越来越多的证据表明,转录调控异常与AD发生密切相关[2]。无论在AD细胞模型、转基因小鼠模型还是AD患者脑组织研究结果均证实mRNA转录水平的异常[3]。研究表明,FoxG1突变与许多神经发育障碍如Rett syndrome及小头症密切相关[4]。FoxG1作为叉头转录因子Fox家族中的一个成员,执行着转录抑制功能[5]。作为端脑特异性的转录抑制因子,在胚胎期主要调控小鼠端脑的形成。FoxG1不仅表达于胚胎时期的脑,也在整个成年期高度表达于哺乳动物的脑[6],在脑发育早期,FoxG1主要选择性表达于端脑形成的增殖细胞群,FoxG1使细胞持续维持在增殖状态,并阻止其分化为神经元,参与神经可塑性的调控[7];出生后FoxG1继续表达于海马齿状回和室管膜下区,调节出生后海马的神经形成[8]。FoxG1促进视网膜轴突的生长以及内耳[9]和嗅觉系统[10]的形成。然而转录调控因子FoxG1与AD的关系却鲜见报道。

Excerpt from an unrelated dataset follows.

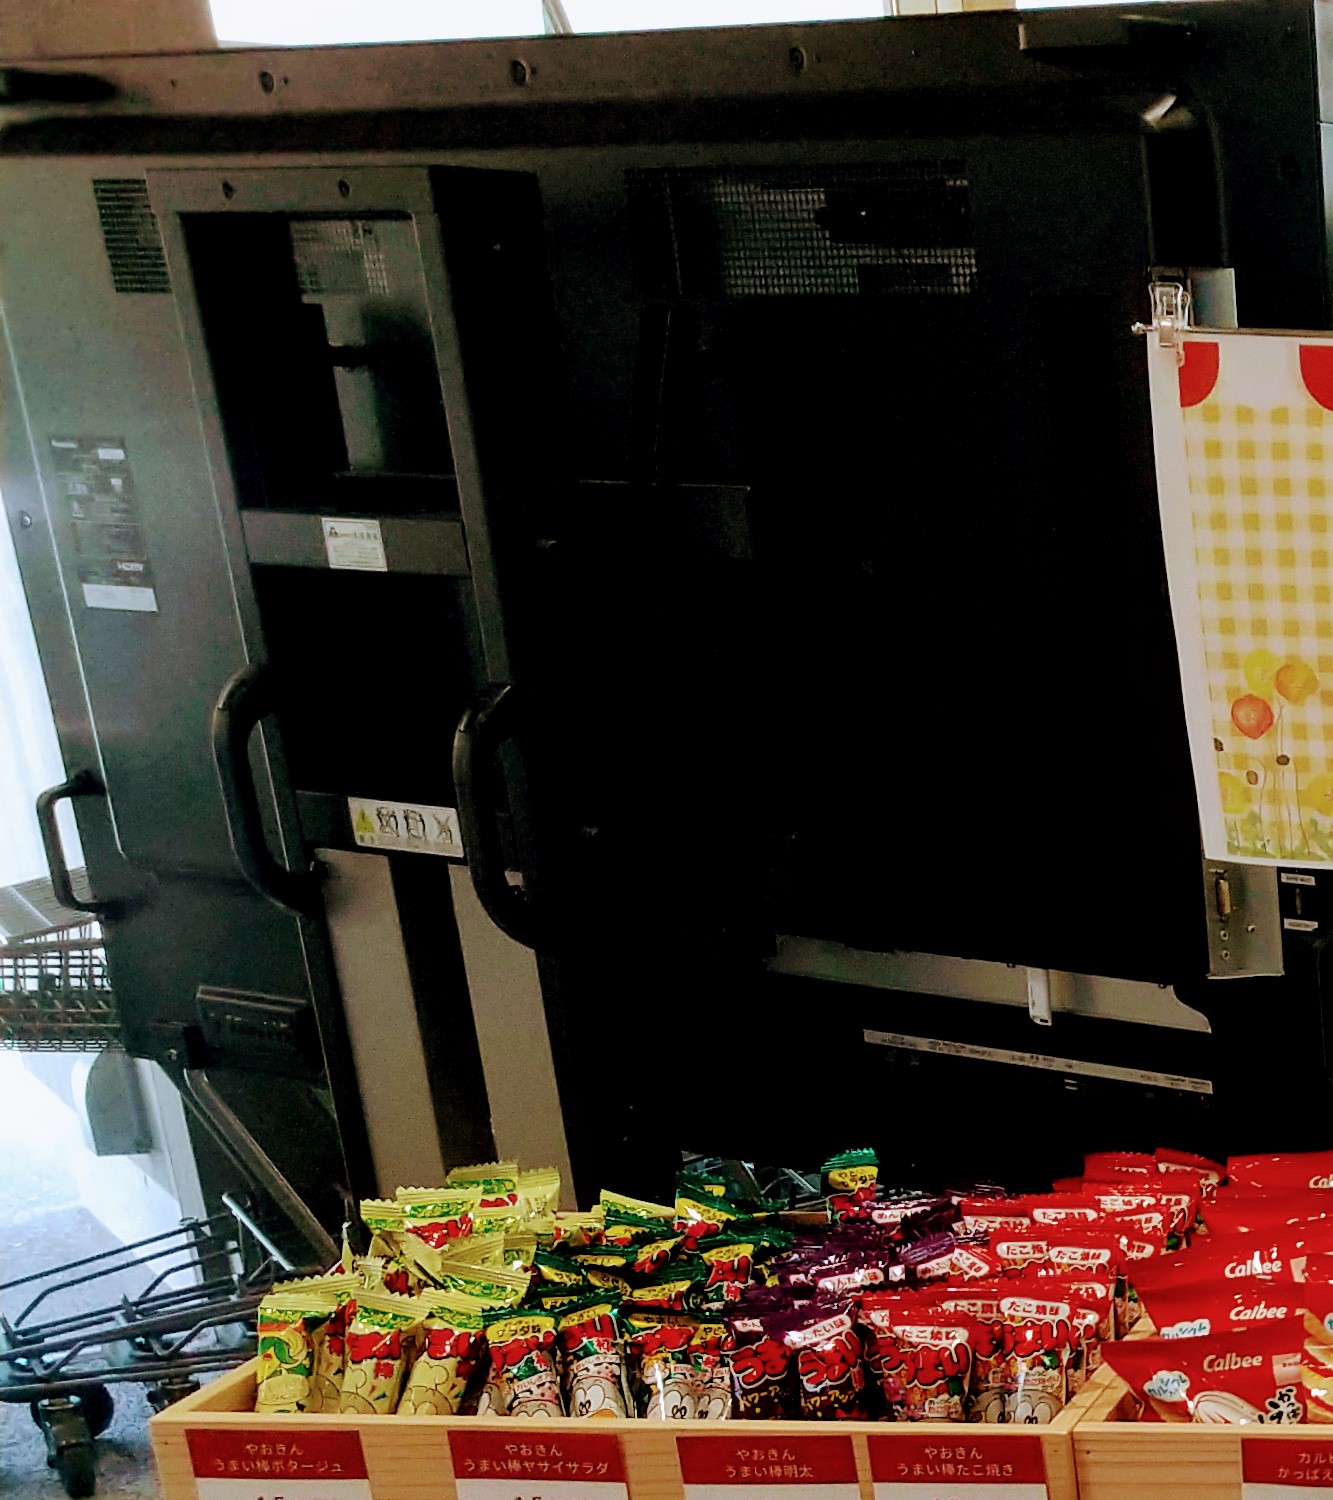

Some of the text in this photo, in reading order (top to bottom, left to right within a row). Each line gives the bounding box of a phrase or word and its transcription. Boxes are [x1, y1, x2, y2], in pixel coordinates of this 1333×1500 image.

本研究中的AD病变脑区FoxG1过表达小鼠拟通过Cre/loxp介导的基因重组方案构建(图 1):loxp是一段长34 bp的DNA序列,是Cre重组酶识别的位点,被称为loxp位点。在兴趣基因FoxG1上游的一侧(通常称为"loxp-stop-loxp"或"LSL"盒)放置一个带loxp位点的终止密码子,可以抑制Cre缺失时的基因表达,在Cre存在的情况下,终止密码子被切除,基因表达继续进行。我们通过杂交CreERT2工具小鼠(B6;129-5-HT1Btm1(CreERT)5-HT1B)和FoxG1条件性过表达小鼠(CAG-loxp-stop-loxp-FoxG1-IRES-EGFP),获得CreERT2重组酶/FoxG1转基因子代小鼠[11]。CreERT2工具小鼠(B6;129-5-HT1Btm1(CreERT)5-HT1B)的启动子为5-HT1Btm1,可以介导Cre重组酶在小鼠海马、皮层、纹状体脑区特异性表达;而ERT2是一个改造过的雌激素受体,可以被他莫昔芬活化,他莫昔芬的代谢产物4-OHT(雌激素类似物)与ERT2结合后诱导CreERT2入核发挥其重组酶活性[12],进一步激活Cre重组酶识别loxp位点,基于以上方案,我们可以获得FoxG1条件性过表达小鼠。若在AD病模型小鼠基因背景的基础上构建FoxG1条件性过表达小鼠,可通过启动子5-HT1B诱导FoxG1过表达于AD的病变脑区(海马、皮层、纹状体),也可基于AD特征性标记物(β-Amyloid)出现明显病理学改变的时间,进而选择他莫昔芬腹腔诱导的时间,通过cre/loxp介导的重组技术获得AD病变脑区FoxG1条件性过表达小鼠后,在该小鼠生长至6个月(β-Amyloid出现)后腹腔注射他莫昔芬诱导FoxG1过表达,获得最理性的构建方案。此外,当前的研究将就AD病变脑区FoxG1过表达小鼠鉴定、繁殖进行探讨,通过PCR,IHC及IF技术验证该模型小鼠的建立及FoxG1的蛋白表达,为FoxG1相关的AD的机制研究提供一个可信的动物模型。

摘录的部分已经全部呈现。